Read Clio and Cy: The Apocalypse Online
Authors: Christopher Lee
“The one thing that unites all human beings, regardless of
age, gender, religion, economic status, or ethnic background, is that, deep
down inside, we all believe that we are above-average drivers.”
― Dave Barry
“Are you tired yet Dr. Marcus?” Cy asked. Dr. Pressfield
knew what his cyborg really meant. “Not yet Cy. Don’t worry, you’ll get your
chance to drive.”
“Ok Dr. Marcus. I just think you should take a break soon…”
Cy suggested, smiling and fiddling his finger on the dashboard.
“I’m sure you do Cy,” Dr. Pressfield answered, looking out
the side window. They’d made it past Richmond having to off road it several
times along the way. So far nothing too rough prevented their progress, nothing
that the Hum-Z couldn’t handle anyway.
Green signs that once reflected brightly, now hung dirty
over the interstate. Some were barely attached as they twisted in the wind.
Nature was making an impressive comeback on this part of I-95. Sections of
road, as if it was being eaten for its delicious blacktop, were completely
covered over with plants and green things. Patient as the slowest quick sand,
foliage was climbing up cars, munching and swallowing them.

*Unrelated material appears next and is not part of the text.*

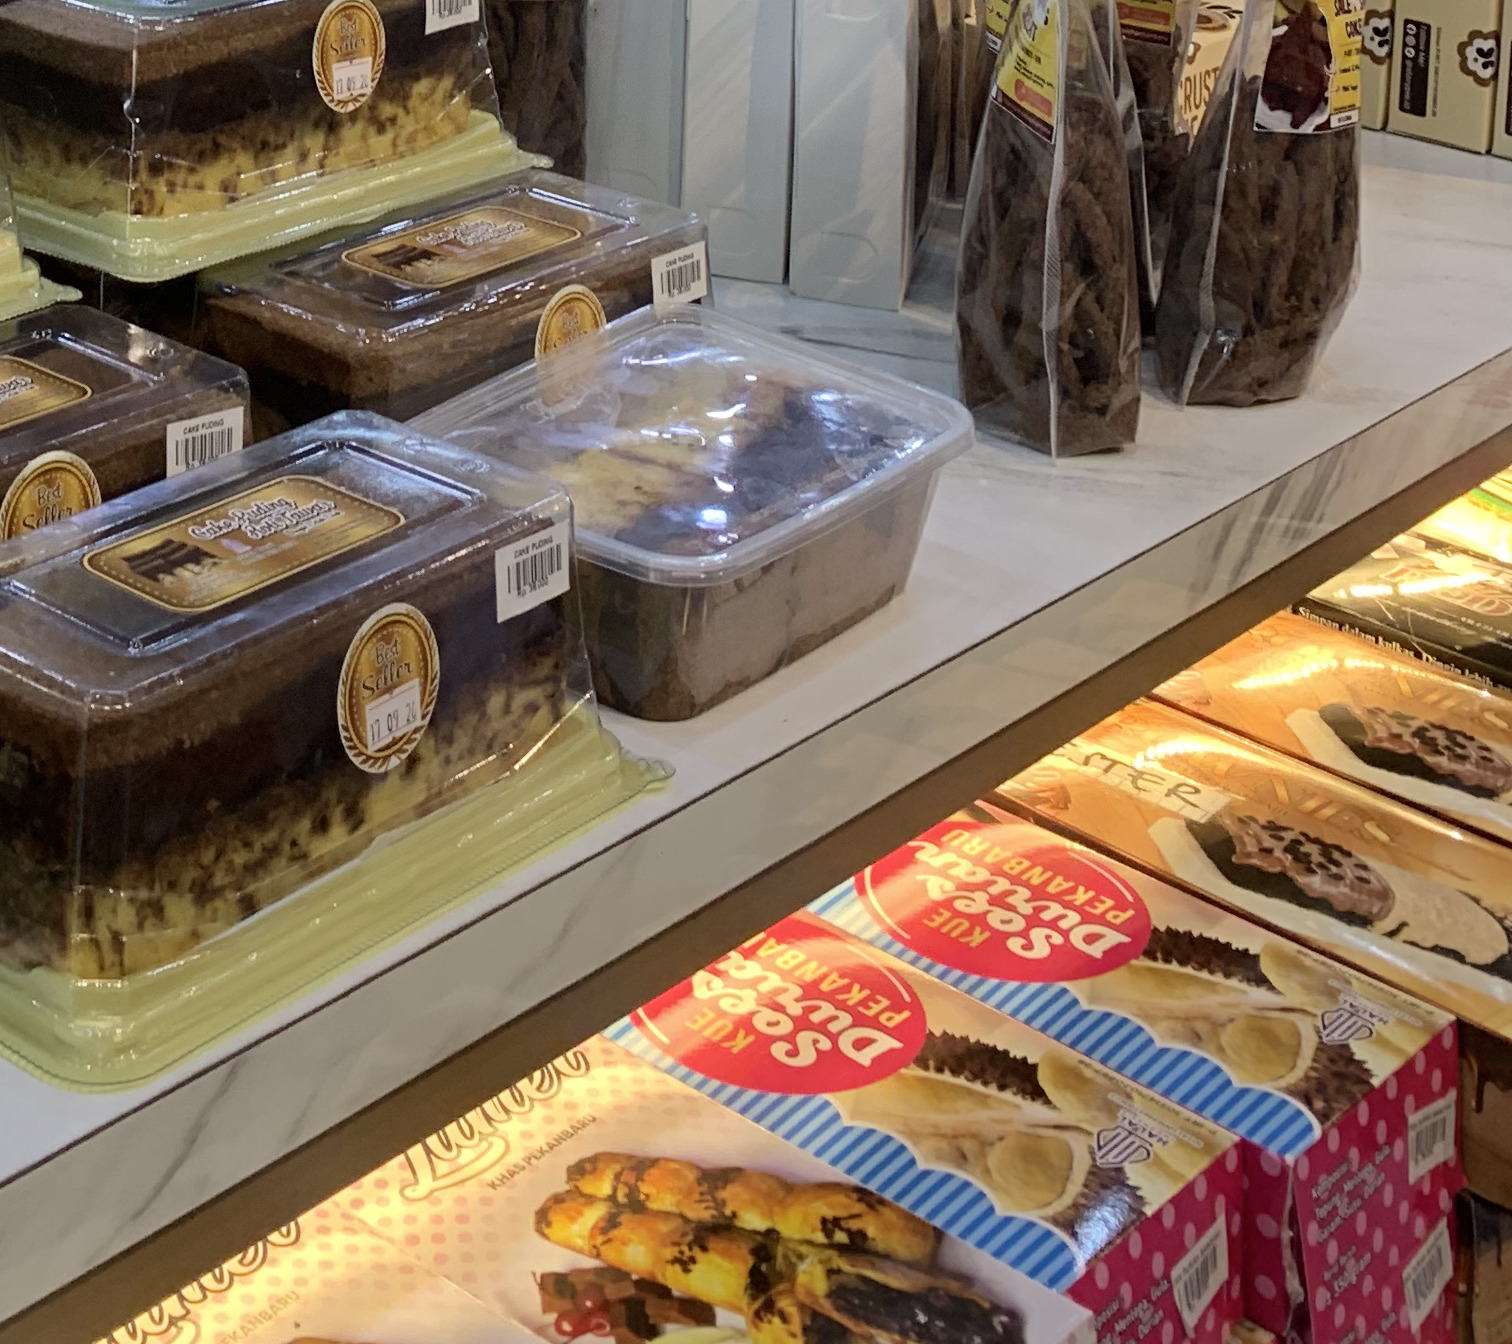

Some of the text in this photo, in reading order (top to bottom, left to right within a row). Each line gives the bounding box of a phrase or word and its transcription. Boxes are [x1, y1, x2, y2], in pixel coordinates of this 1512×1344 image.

“Look at that Cy,” Marcus announced, pointing at the barely
legible sign on the side of the road.
“North Carolina Dr. Marcus. We’re making excellent progress
aren’t we?”
“We sure the hell are,” Marcus affirmed, thinking,
we sure the hell are…
hoping this trip
wasn’t too easy... Effortless things always seemed to have a way of jumping up
and biting you on the ass when you least expect it. As if to punish your easy
goings in the beginning, “chomp,” making you pay by turning the rest of your
journey into a painful endeavor.
“Ok Cy… can’t take much more of you eyeballing me.”
“I can drive now Dr. Marcus?”
“Yup… your turn.”
Dr. Pressfield pulled the vehicle over needing to stretch
his legs anyway. “Keep your eyes peeled,” he said getting out.
“Of course Dr. Marcus.”
Cy was already at the driver’s side door before Dr.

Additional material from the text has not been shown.